Years later, after completing medical training abroad, I came to the United States as an international medical graduate (IMG), determined to pursue residency in physical medicine and rehabilitation (PM&R). Like many IMGs, I was motivated by the belief that my perspective and experiences in underserved communities could enrich the U.S. health care system. I knew the road would be difficult, but I did not expect to encounter overt exclusion.
In April 2025, I began an observership at a university medical center’s department of physical medicine and rehabilitation. My supervising physicians gave me positive feedback and even agreed to provide recommendation letters, critical for my residency application. For weeks, I shadowed diligently, studied cases, and tried to absorb every lesson.
But one afternoon, a senior physician pulled me aside. His words were blunt: “You have no chance here. We do not take IMGs. We already have enough American graduates, and this program has not accepted an IMG in over twenty years.”
I was stunned. This was not a critique of my performance, but a categorical rejection of who I was and where I trained. Despite his warning, I continued my observership, believing that my work ethic and the support of my other mentors would carry me forward.
What followed was a series of retaliatory actions that left me shaken. I was abruptly banned from clinics without explanation. Staff who had once spoken warmly to me suddenly avoided eye contact. I was threatened with police and even immigration enforcement if I persisted in seeking access to my mentors. Most painful of all, the recommendation letters I had been promised were withheld, cutting off my ability to apply for residency this year.
In that moment, the message was clear: my identity as an IMG, not my abilities as a physician, determined my fate.
The consequences are devastating. Without those letters, my application to residency is incomplete. I must now wait another year, losing time, income, and momentum in my career. More importantly, the patients I hope to serve will wait longer for the care I could provide.

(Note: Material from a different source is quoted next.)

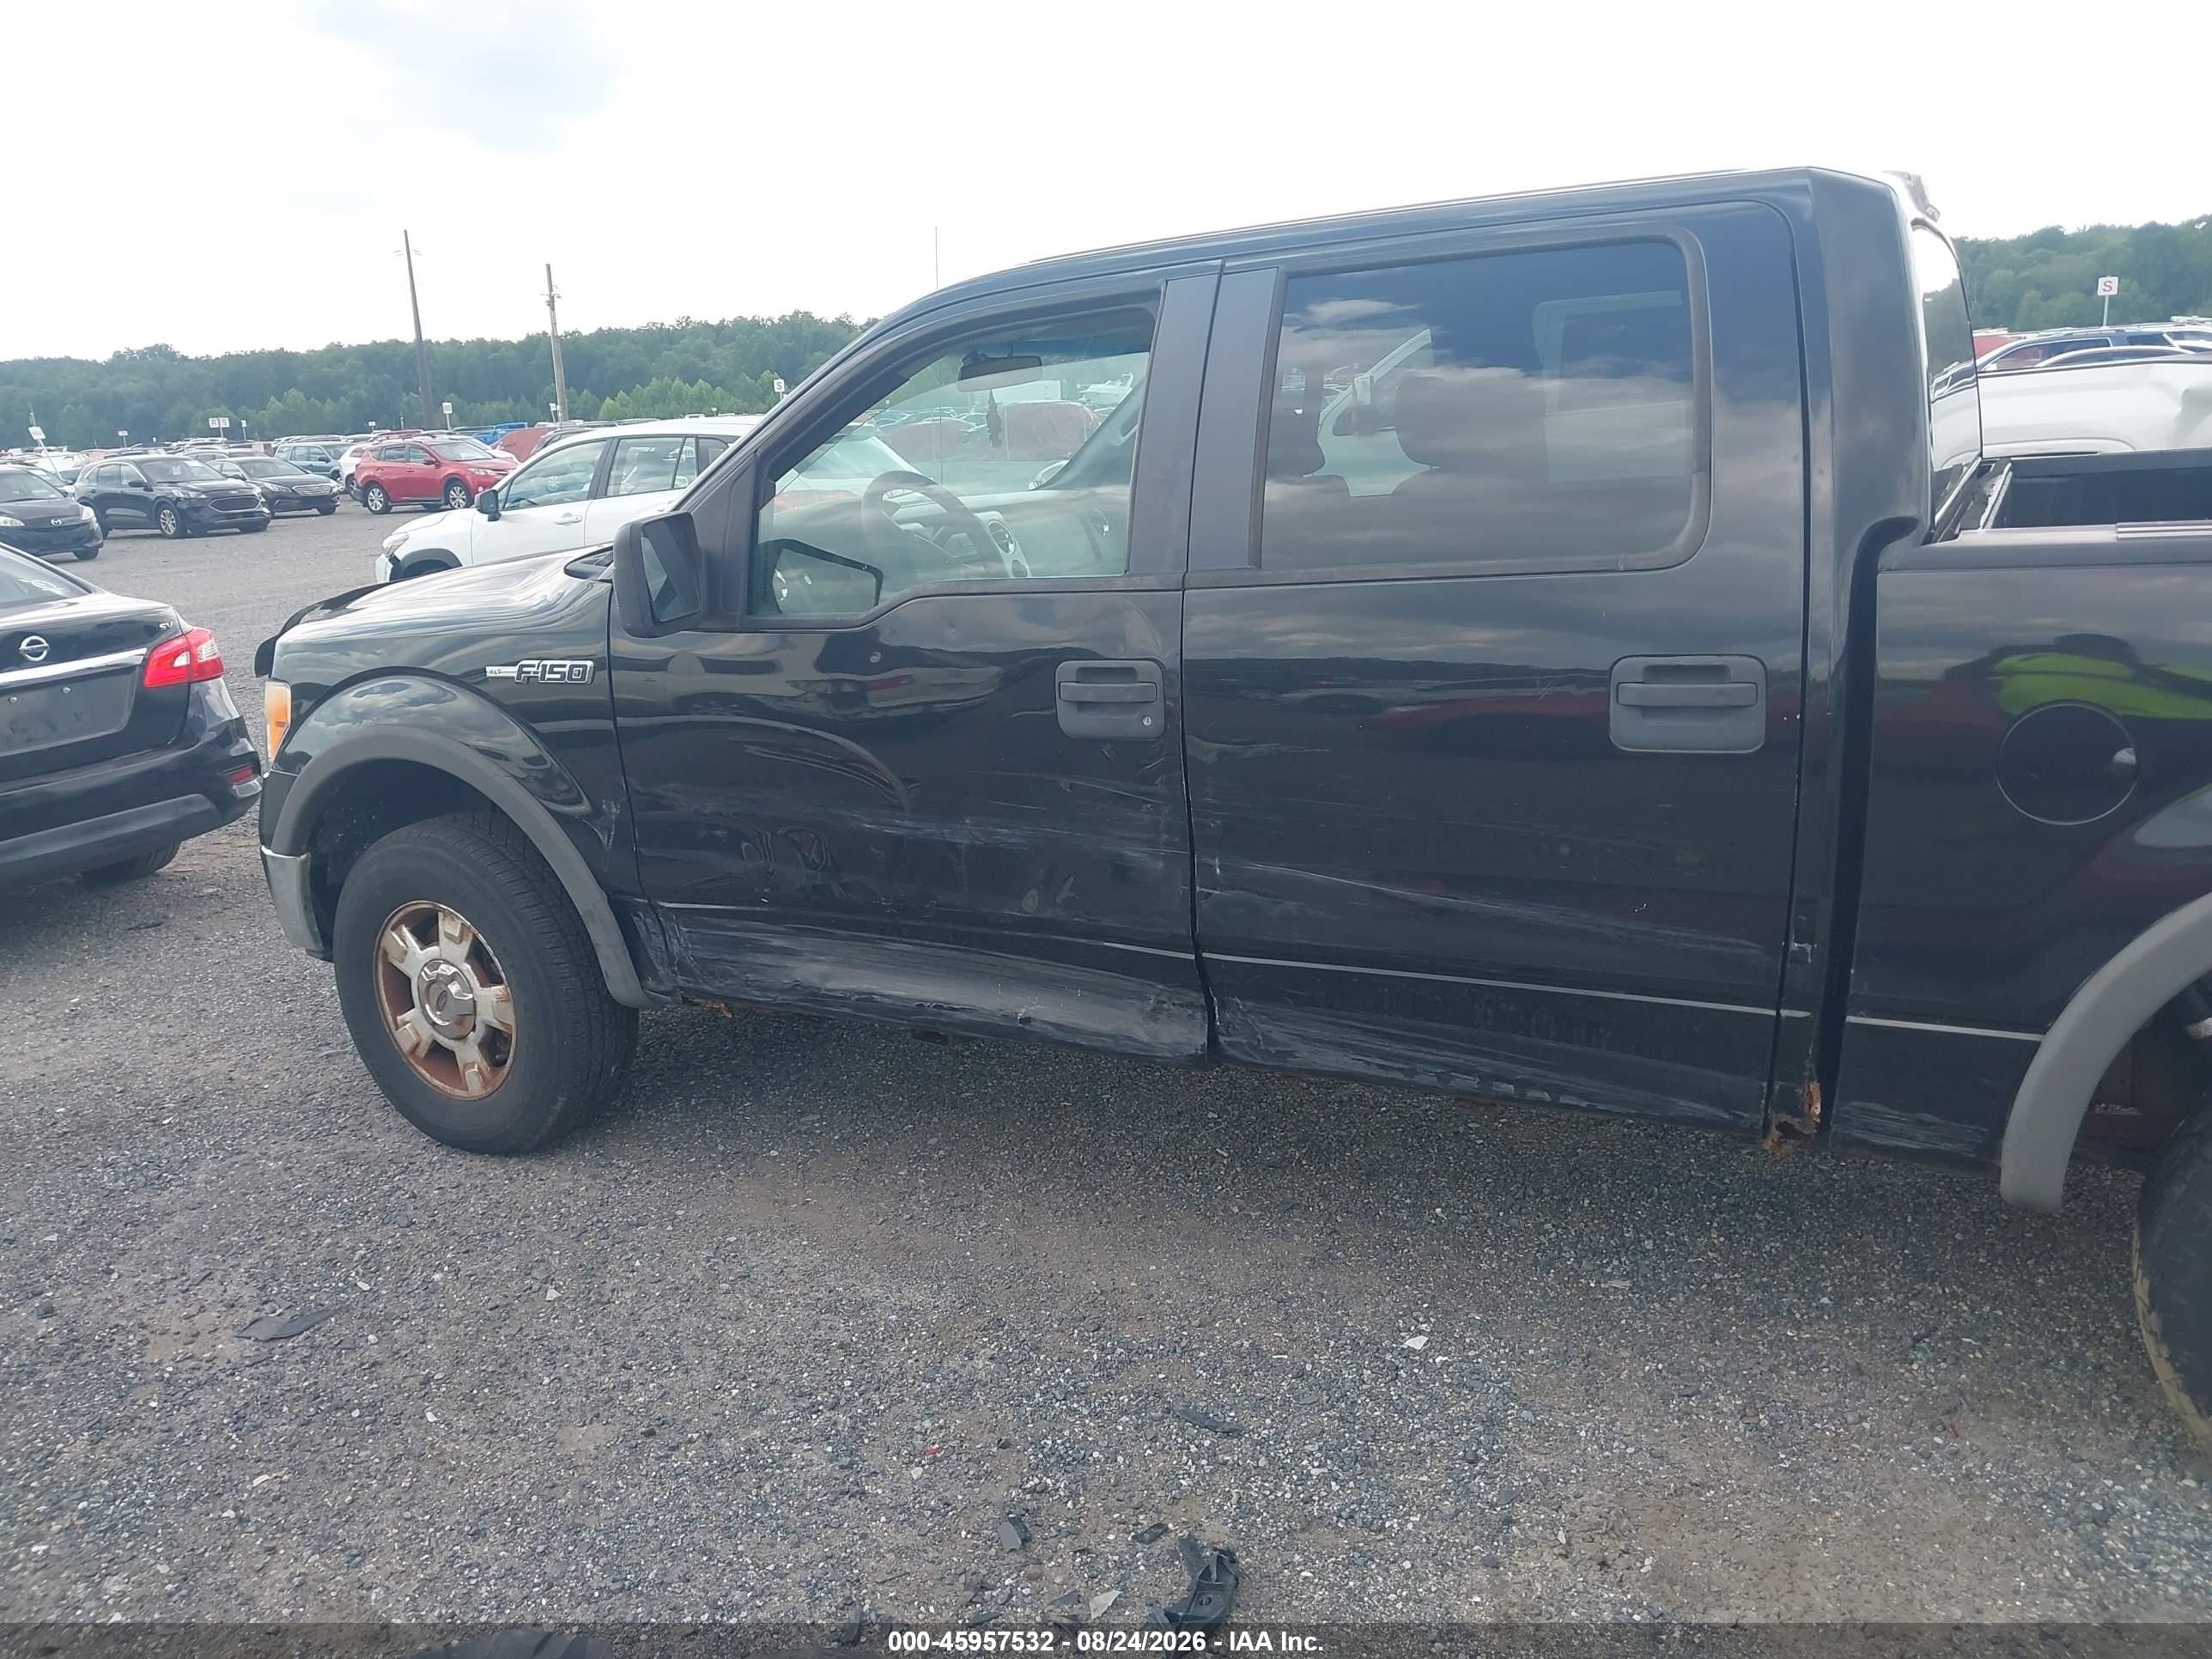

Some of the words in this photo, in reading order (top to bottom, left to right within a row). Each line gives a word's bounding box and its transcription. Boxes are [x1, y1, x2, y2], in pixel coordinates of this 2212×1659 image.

[2102, 280, 2112, 292] S
[776, 381, 782, 390] S
[159, 621, 173, 630] SV
[515, 659, 594, 684] F-150

This experience is not just about me. It exposes a structural inequity that has persisted in medical education for decades. IMGs make up nearly twenty-five percent of the U.S. physician workforce. Many practice in underserved communities, rural areas, and specialties facing shortages. They are bilingual, culturally competent, and often willing to serve where others will not. Yet behind the closed doors of selection committees, categorical exclusion of IMGs remains an open secret.
In a state with immense diversity and pressing health care needs, shutting out qualified IMGs is not only unfair; it is harmful. Patients lose when talented physicians are blocked from contributing. Communities lose when cultural and linguistic diversity is stripped from the physician workforce. The profession loses when equity is sacrificed for gatekeeping.
The irony is bitter. In PM&R, the very field dedicated to restoring function and dignity, I witnessed the opposite: exclusion and silence. My patients in underserved communities taught me that survival without independence is not true healing. My experience as an IMG now teaches me that opportunity without fairness is not true equity.
I continue to believe in the vision of rehabilitation medicine: helping patients move from limitation to possibility. That belief will not be shaken by this experience. But I also believe we must shine a light on institutional practices that quietly exclude IMGs and deny them a fair chance to contribute.
I share my story not as a complaint, but as a call for transparency and accountability. Residency programs should evaluate applicants on merit, not birthplace. Institutions should honor their promises to trainees, not wield bureaucracy as a weapon. And as a profession, we must ask ourselves: if we truly value diversity, equity, and inclusion, why do we still tolerate systemic barriers against IMGs?
Survival alone is not enough, for patients, or for physicians like me. We deserve the chance not just to survive, but to thrive, to contribute, and to restore dignity, not only in our patients, but within our profession itself.
Fereshteh Kagar Bafrani is a physician.